Hello and welcome to yet another week of deception and disinformation here at Factually Deficient! This week, I will be answering a pair of questions from my own genuine mother, who has taken advantage of Factually Deficient’s Friends and Family Discount to ask two questions for the price of one:
How would you pluralize Queen Ann?
How would you pluralize Queen Ann’s Lace?
The first of these questions seems deceptively simple. It is true that “Queen Ann” would most commonly and correctly be pluralized as “Queens Ann,” but this question does not exist in a vacuum: it is no abstract notion.
In the 1100s, there was a King of Prince Edward Island (son of the eponymous Prince Edward), named Henry the Eight, who had – as his name suggests – not one but eight queenly wives, all of whom were named Ann. This created a rather contentious and precarious situation, and grammarians the isle over disputed which spelling of “Ann” or “Anne” should be used as the standard when pluralizing the bevy of queens.
As for the second question, however, I am afraid that it is too much of an absurdity to even answer.
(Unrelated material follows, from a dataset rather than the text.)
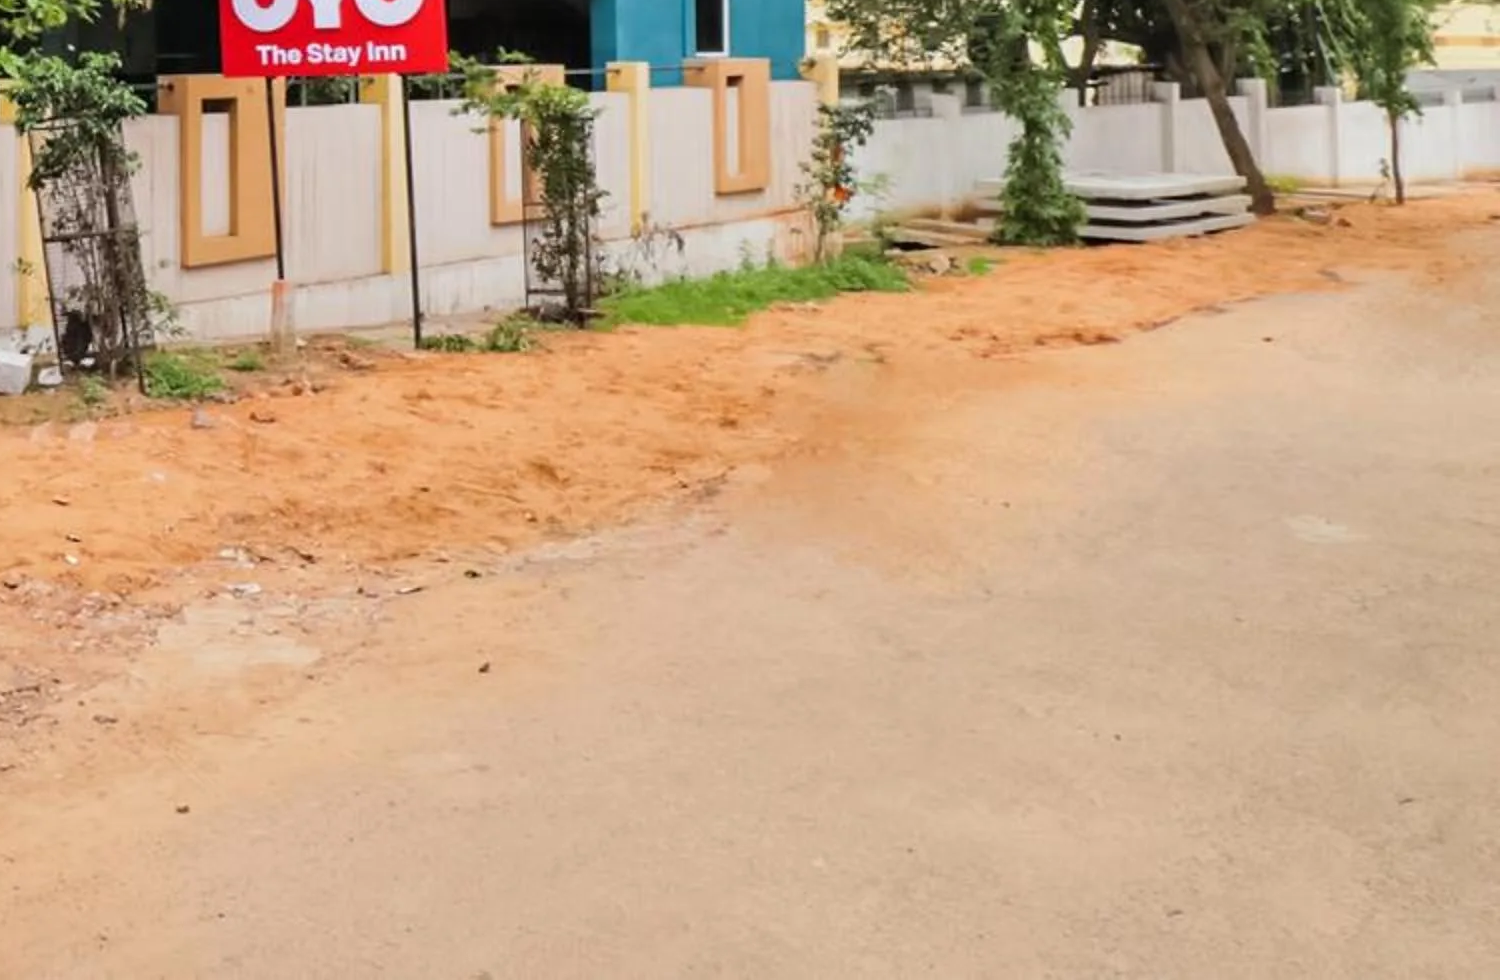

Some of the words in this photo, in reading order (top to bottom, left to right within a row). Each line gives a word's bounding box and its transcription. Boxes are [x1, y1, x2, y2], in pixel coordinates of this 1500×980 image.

[256, 44, 303, 66] The
[306, 42, 362, 67] Stay
[367, 40, 407, 62] Inn
The eight Queens Ann had, in fact, only one lace between them: a highly intricate and coveted piece of embroidery which was seen as a status symbol in the pecking order of their crowded family.
Eventually, one of the Queens Ann (the third one) took the Queen Ann’s lace and used it to smother her husband and rivals to death. She became the sole ruler of Prince Edward Island, with one lace to rule them all, and her reign continued uninterrupted until Prince Edward Island was conquered by Canada in 1292.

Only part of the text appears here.